[Opening SUPPLIED DATA section]

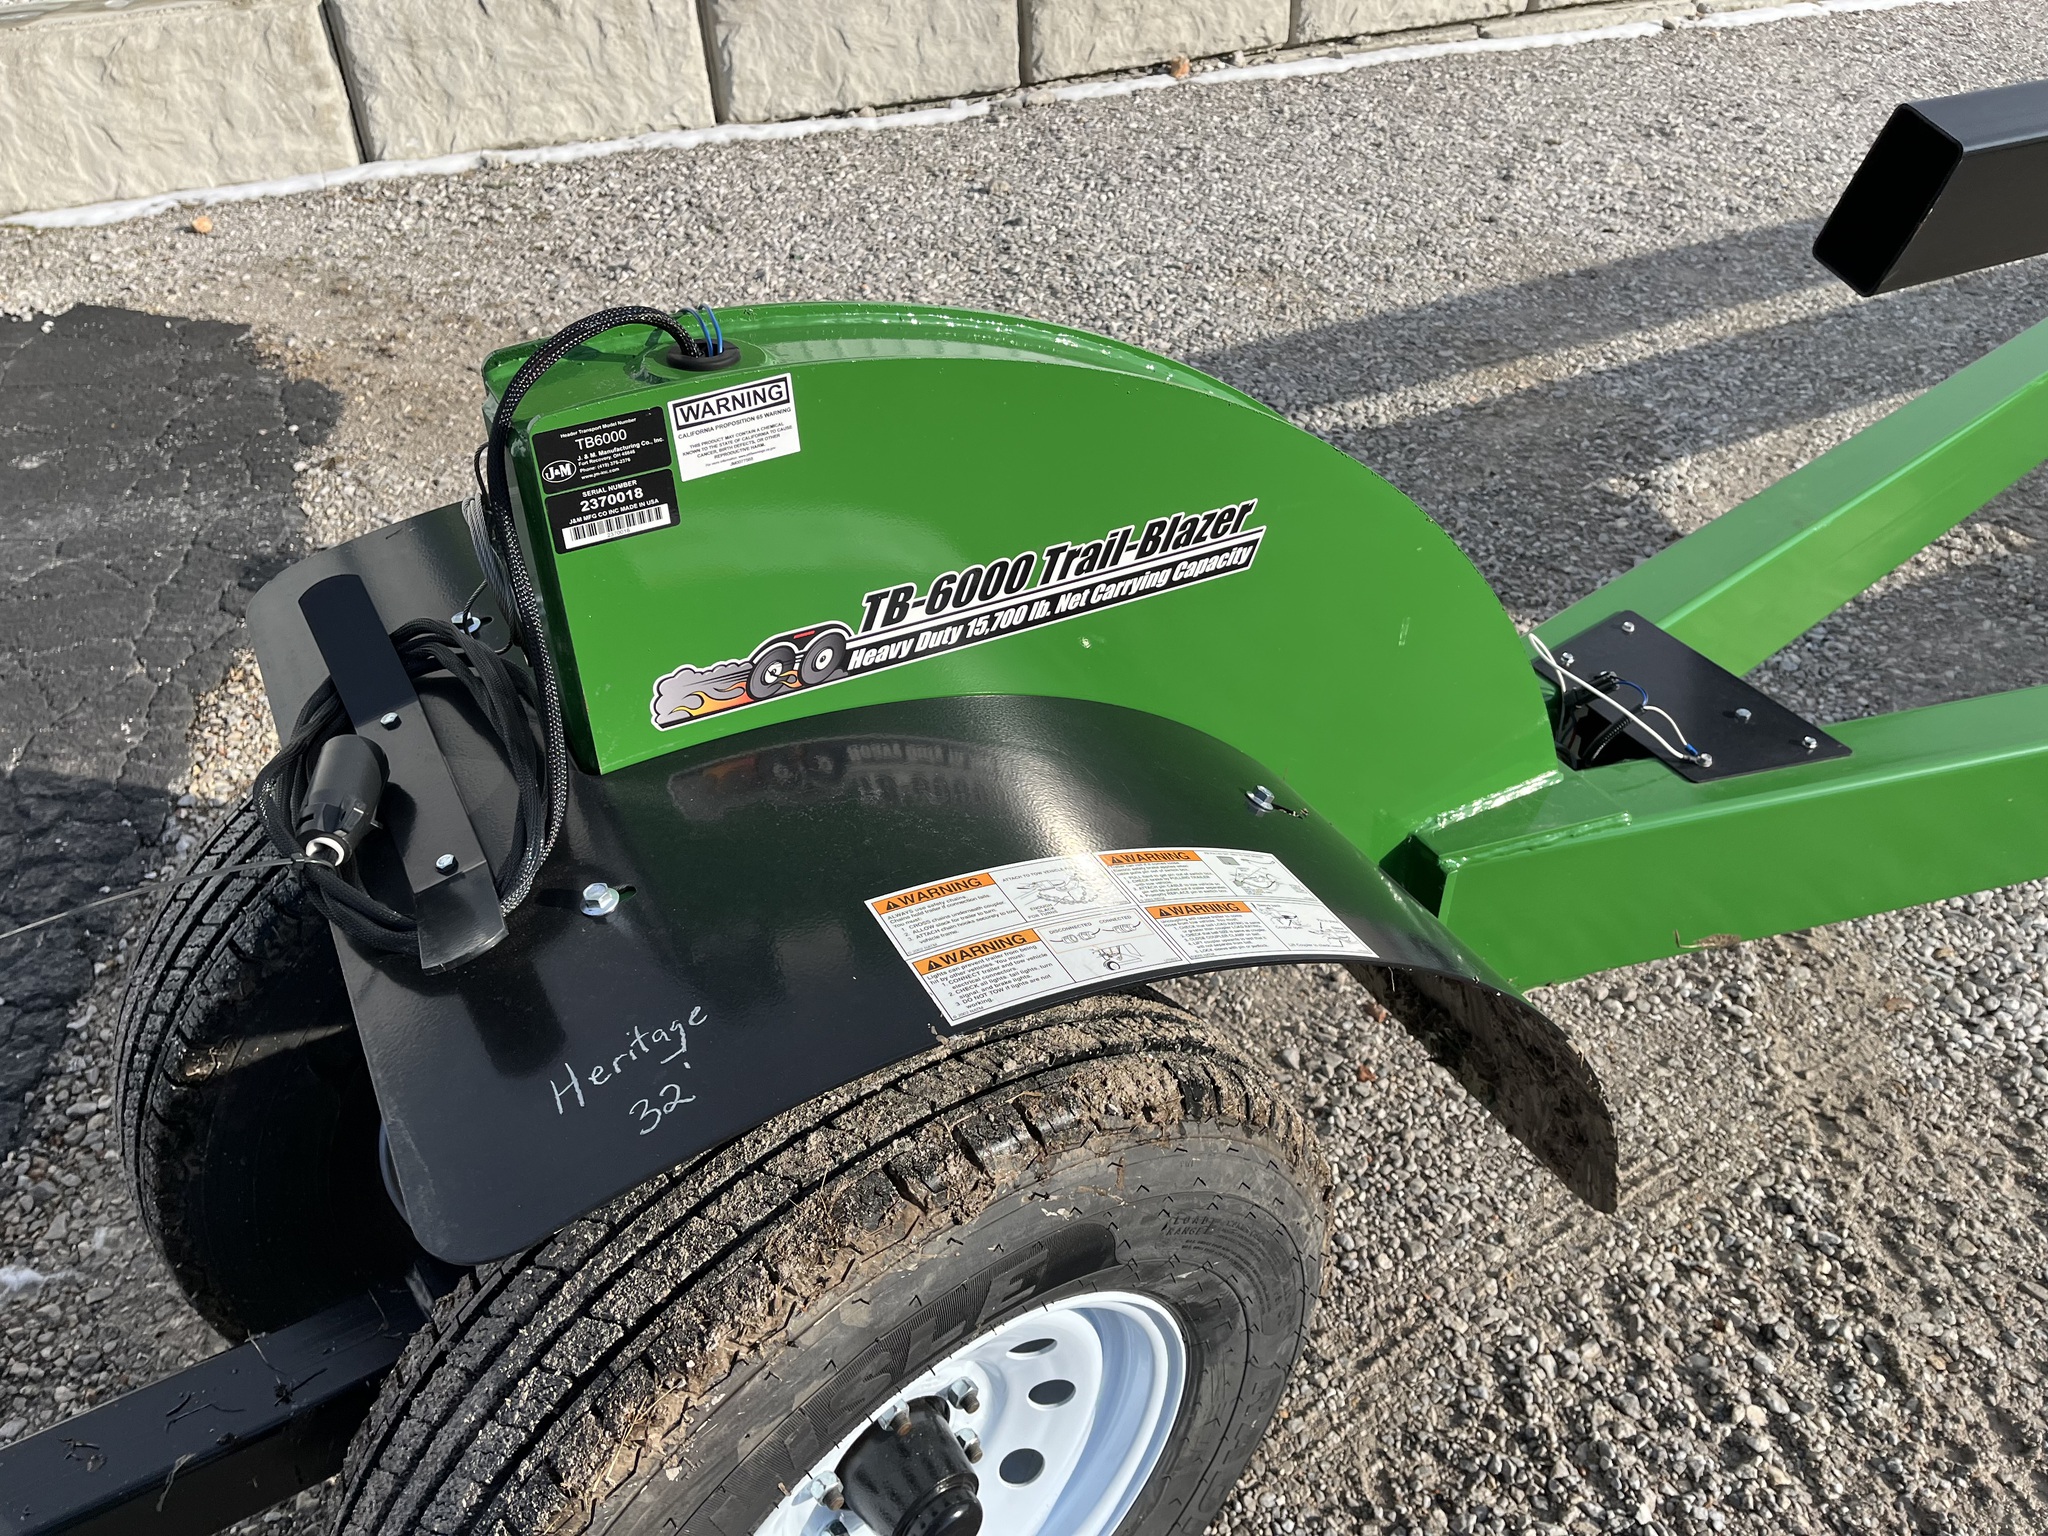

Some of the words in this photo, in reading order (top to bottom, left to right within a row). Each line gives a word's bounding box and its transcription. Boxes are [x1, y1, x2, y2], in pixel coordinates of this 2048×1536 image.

[679, 384, 783, 423] WARNING
[559, 430, 577, 438] Header
[578, 424, 601, 435] Transport
[602, 421, 616, 429] Model
[617, 416, 636, 425] Number
[677, 426, 713, 439] CALIFORNIA
[715, 416, 754, 430] PROPOSITION
[764, 407, 791, 418] WARNING
[701, 436, 723, 446] PRODUCT
[735, 428, 755, 437] CONTAIN
[760, 421, 783, 430] CHEMICAL
[575, 429, 627, 450] TB6000
[598, 441, 640, 457] Manufacturing
[682, 448, 700, 456] KNOWN
[741, 431, 768, 441] CALIFORNIA
[777, 424, 792, 432] CAUSE
[714, 446, 749, 459] REPRODUCTIVE
[545, 463, 571, 480] J&M
[581, 486, 607, 497] SERIAL
[607, 479, 637, 491] NUMBER
[580, 487, 643, 512] 2370018
[620, 503, 637, 511] MADE
[862, 554, 1035, 632] TB-6000
[1040, 501, 1255, 585] Trail-Blazer
[847, 638, 915, 670] Heavy
[914, 624, 964, 652] Duty
[966, 605, 1028, 638] 15,700
[1028, 600, 1050, 622] lb.
[1055, 590, 1091, 614] Net
[1091, 567, 1172, 604] Carrying
[1173, 545, 1253, 581] Capacity
[1121, 852, 1190, 863] WARNING
[898, 878, 982, 905] WARNING
[885, 909, 914, 919] ALWAYS
[926, 900, 945, 908] safety
[888, 915, 910, 923] Chains
[945, 897, 977, 907] connection
[907, 920, 931, 928] CROSS
[950, 906, 983, 916] underneath
[1168, 903, 1240, 916] WARNING
[911, 925, 935, 933] ALLOW
[914, 929, 940, 938] ATTACH
[975, 913, 999, 922] securely
[1048, 922, 1092, 933] DISCONNECTED
[1098, 915, 1131, 923] CONNECTED
[939, 934, 1027, 965] WARNING
[926, 971, 947, 980] Lights
[960, 959, 985, 969] prevent
[984, 953, 1003, 961] trailer
[1019, 944, 1037, 952] being
[947, 971, 981, 984] CONNECT
[981, 965, 1000, 973] trailer
[1026, 952, 1047, 961] vehicle
[948, 970, 966, 978] other
[950, 977, 981, 989] electrical
[993, 979, 1012, 987] brake
[1010, 980, 1029, 988] lights
[954, 984, 979, 993] CHECK
[550, 1006, 708, 1115] Heritage
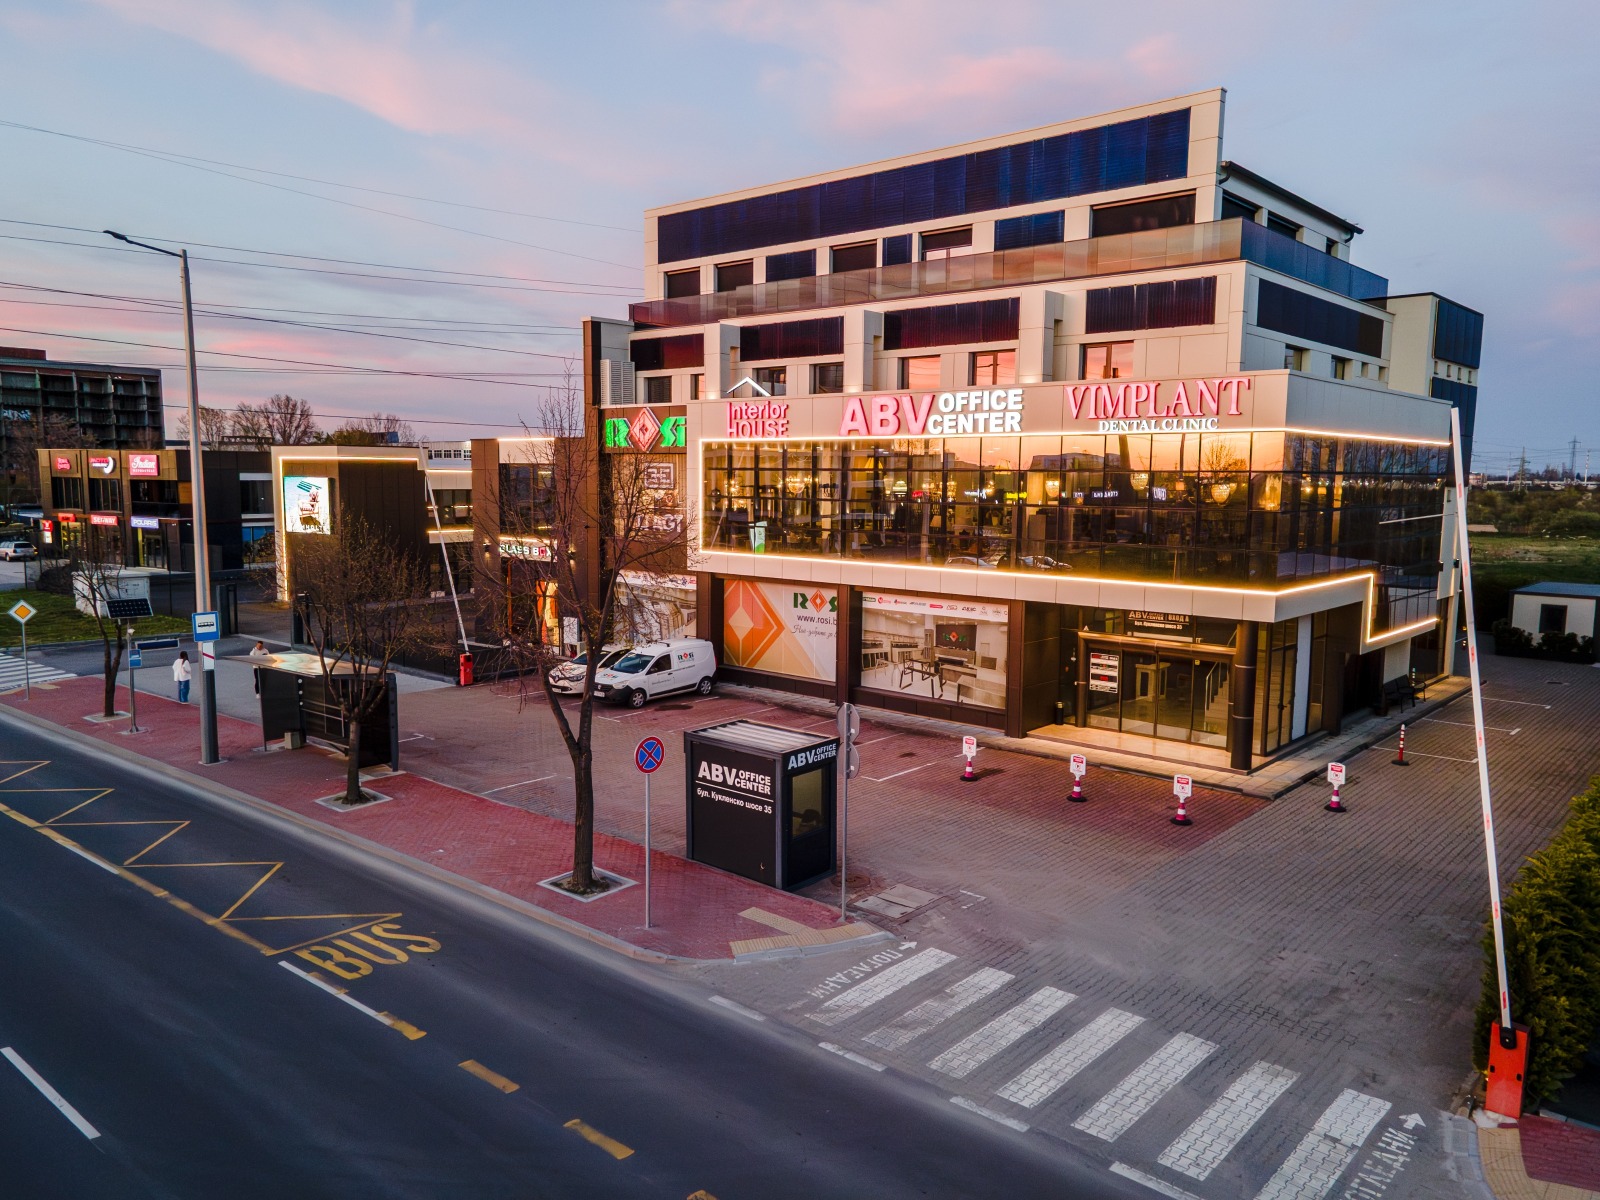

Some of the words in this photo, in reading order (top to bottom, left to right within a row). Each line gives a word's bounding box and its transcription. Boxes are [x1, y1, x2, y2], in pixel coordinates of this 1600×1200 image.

[938, 389, 1023, 413] OFFICE
[1064, 377, 1250, 419] VIMPLANT
[727, 400, 789, 420] Interior
[839, 393, 936, 437] ABV
[727, 419, 789, 438] HOUSE
[927, 411, 1022, 435] CENTER
[1098, 419, 1160, 432] DENTAL
[1162, 418, 1218, 431] CLINIC
[131, 456, 156, 469] Indian
[133, 518, 157, 527] POLARIS
[1128, 610, 1148, 619] ABV
[814, 750, 837, 762] CENTER
[816, 743, 837, 755] OFFICE
[787, 749, 815, 770] ABV
[698, 760, 737, 786] ABV
[738, 769, 771, 786] OFFICE
[734, 778, 771, 795] CENTER
[696, 787, 710, 798] бул.
[711, 791, 744, 807] Кукленско
[745, 802, 763, 812] шосе
[763, 805, 772, 814] 35
[293, 923, 442, 980] BUS
[806, 949, 904, 999] ПОГЛЕДНИ
[1340, 1127, 1418, 1200] ОГЛЕДНИ

[Closing SUPPLIED DATA section]

Each record above needs to be copied exactly, with images left out.

Some of the words in this photo, in reading order (top to bottom, left to right within a row). Each line gives a word's bounding box and its transcription. Boxes are [x1, y1, x2, y2], in pixel coordinates of this 2048×1536 image.

[679, 384, 783, 423] WARNING
[559, 430, 577, 438] Header
[578, 424, 601, 435] Transport
[602, 421, 616, 429] Model
[617, 416, 636, 425] Number
[677, 426, 713, 439] CALIFORNIA
[715, 416, 754, 430] PROPOSITION
[764, 407, 791, 418] WARNING
[701, 436, 723, 446] PRODUCT
[735, 428, 755, 437] CONTAIN
[760, 421, 783, 430] CHEMICAL
[575, 429, 627, 450] TB6000
[598, 441, 640, 457] Manufacturing
[682, 448, 700, 456] KNOWN
[741, 431, 768, 441] CALIFORNIA
[777, 424, 792, 432] CAUSE
[714, 446, 749, 459] REPRODUCTIVE
[545, 463, 571, 480] J&M
[581, 486, 607, 497] SERIAL
[607, 479, 637, 491] NUMBER
[580, 487, 643, 512] 2370018
[620, 503, 637, 511] MADE
[862, 554, 1035, 632] TB-6000
[1040, 501, 1255, 585] Trail-Blazer
[847, 638, 915, 670] Heavy
[914, 624, 964, 652] Duty
[966, 605, 1028, 638] 15,700
[1028, 600, 1050, 622] lb.
[1055, 590, 1091, 614] Net
[1091, 567, 1172, 604] Carrying
[1173, 545, 1253, 581] Capacity
[1121, 852, 1190, 863] WARNING
[898, 878, 982, 905] WARNING
[885, 909, 914, 919] ALWAYS
[926, 900, 945, 908] safety
[888, 915, 910, 923] Chains
[945, 897, 977, 907] connection
[907, 920, 931, 928] CROSS
[950, 906, 983, 916] underneath
[1168, 903, 1240, 916] WARNING
[911, 925, 935, 933] ALLOW
[914, 929, 940, 938] ATTACH
[975, 913, 999, 922] securely
[1048, 922, 1092, 933] DISCONNECTED
[1098, 915, 1131, 923] CONNECTED
[939, 934, 1027, 965] WARNING
[926, 971, 947, 980] Lights
[960, 959, 985, 969] prevent
[984, 953, 1003, 961] trailer
[1019, 944, 1037, 952] being
[947, 971, 981, 984] CONNECT
[981, 965, 1000, 973] trailer
[1026, 952, 1047, 961] vehicle
[948, 970, 966, 978] other
[950, 977, 981, 989] electrical
[993, 979, 1012, 987] brake
[1010, 980, 1029, 988] lights
[954, 984, 979, 993] CHECK
[550, 1006, 708, 1115] Heritage

Some of the words in this photo, in reading order (top to bottom, left to right within a row). Each line gives a word's bounding box and its transcription. Boxes are [x1, y1, x2, y2], in pixel coordinates of this 1600×1200 image.

[938, 389, 1023, 413] OFFICE
[1064, 377, 1250, 419] VIMPLANT
[727, 400, 789, 420] Interior
[839, 393, 936, 437] ABV
[727, 419, 789, 438] HOUSE
[927, 411, 1022, 435] CENTER
[1098, 419, 1160, 432] DENTAL
[1162, 418, 1218, 431] CLINIC
[131, 456, 156, 469] Indian
[133, 518, 157, 527] POLARIS
[1128, 610, 1148, 619] ABV
[814, 750, 837, 762] CENTER
[816, 743, 837, 755] OFFICE
[787, 749, 815, 770] ABV
[698, 760, 737, 786] ABV
[738, 769, 771, 786] OFFICE
[734, 778, 771, 795] CENTER
[696, 787, 710, 798] бул.
[711, 791, 744, 807] Кукленско
[745, 802, 763, 812] шосе
[763, 805, 772, 814] 35
[293, 923, 442, 980] BUS
[806, 949, 904, 999] ПОГЛЕДНИ
[1340, 1127, 1418, 1200] ОГЛЕДНИ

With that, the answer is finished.